For each entry below, copy the text exactly and leave out any picture.

━━━━━━━━━━━━━━━━

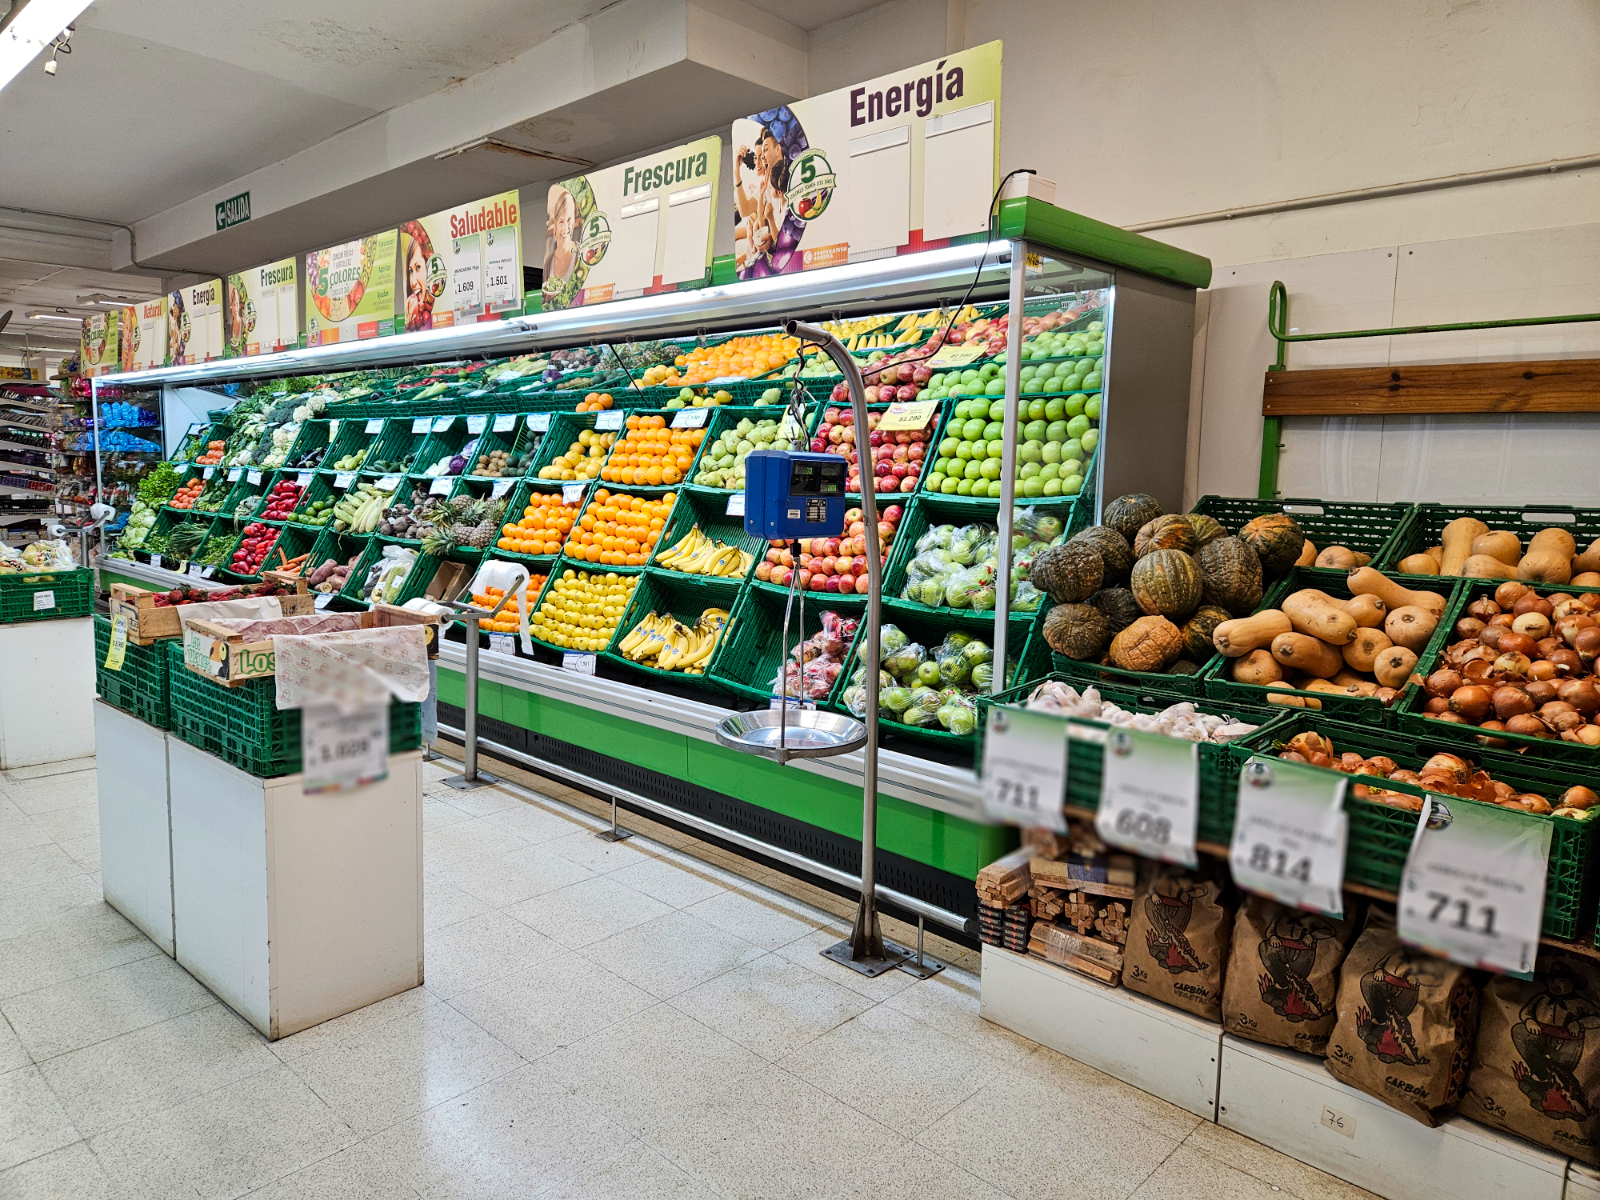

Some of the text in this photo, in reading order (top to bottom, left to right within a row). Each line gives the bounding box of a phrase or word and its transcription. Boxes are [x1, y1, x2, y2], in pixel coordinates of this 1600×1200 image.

[850, 59, 964, 127] Energía
[623, 151, 708, 197] Frescura
[801, 155, 816, 184] 5
[226, 195, 250, 224] SALIDA
[450, 199, 518, 239] Saludable
[589, 216, 600, 238] 5
[261, 265, 294, 287] Frescura
[432, 257, 439, 275] 5
[193, 284, 215, 306] Energía
[318, 267, 329, 296] 5
[330, 266, 361, 286] COLORES
[457, 280, 474, 293] 1.609
[490, 275, 508, 287] 1.501
[144, 304, 162, 319] Natural
[996, 777, 1041, 810] 711
[1114, 807, 1173, 846] 608
[1248, 842, 1312, 885] 814
[1425, 891, 1502, 938] 711
[1385, 1075, 1430, 1099] CARBÓN
[1326, 1109, 1344, 1128] 76
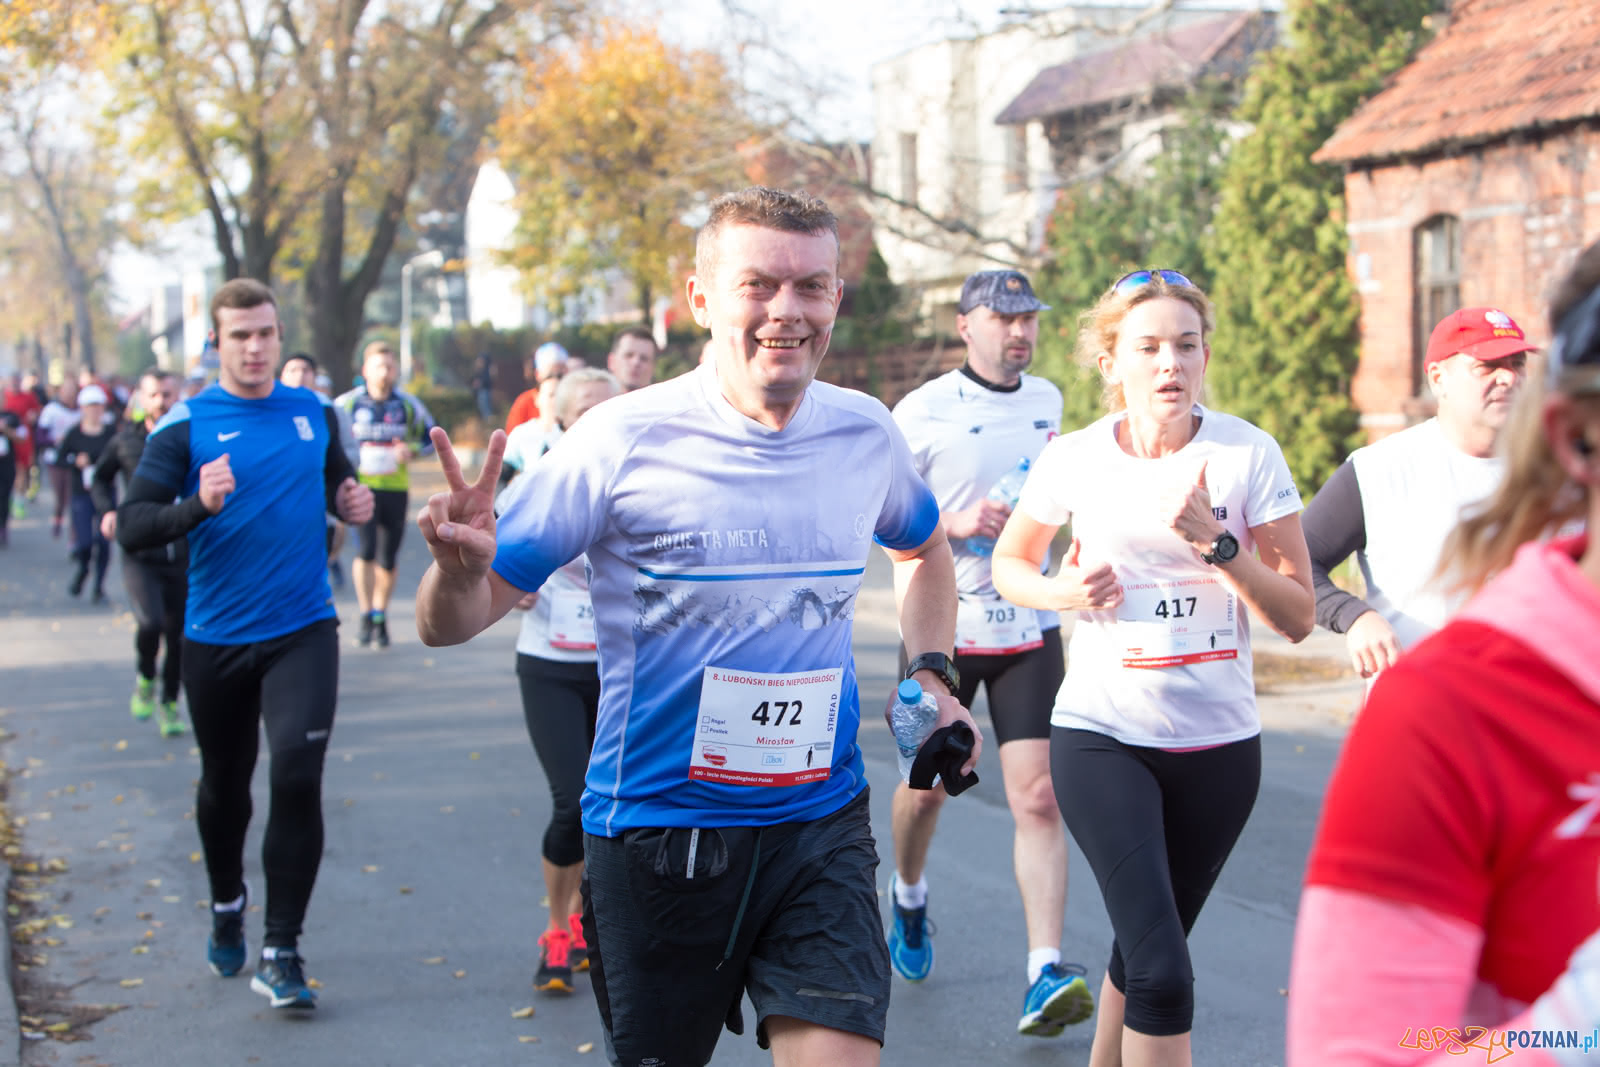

━━━━━━━━━━━━━━━━

→ **Answer to this exercise**:
Some of the text in this photo, in reading order (top to bottom, left to right within a row). Each line gives the bounding box of a phrase or word and its transcription. Boxes are [x1, y1, x2, y2], in pixel coordinates of this 1600×1200 image.

[850, 59, 964, 127] Energía
[623, 151, 708, 197] Frescura
[801, 155, 816, 184] 5
[226, 195, 250, 224] SALIDA
[450, 199, 518, 239] Saludable
[589, 216, 600, 238] 5
[261, 265, 294, 287] Frescura
[432, 257, 439, 275] 5
[193, 284, 215, 306] Energía
[318, 267, 329, 296] 5
[330, 266, 361, 286] COLORES
[457, 280, 474, 293] 1.609
[490, 275, 508, 287] 1.501
[144, 304, 162, 319] Natural
[996, 777, 1041, 810] 711
[1114, 807, 1173, 846] 608
[1248, 842, 1312, 885] 814
[1425, 891, 1502, 938] 711
[1385, 1075, 1430, 1099] CARBÓN
[1326, 1109, 1344, 1128] 76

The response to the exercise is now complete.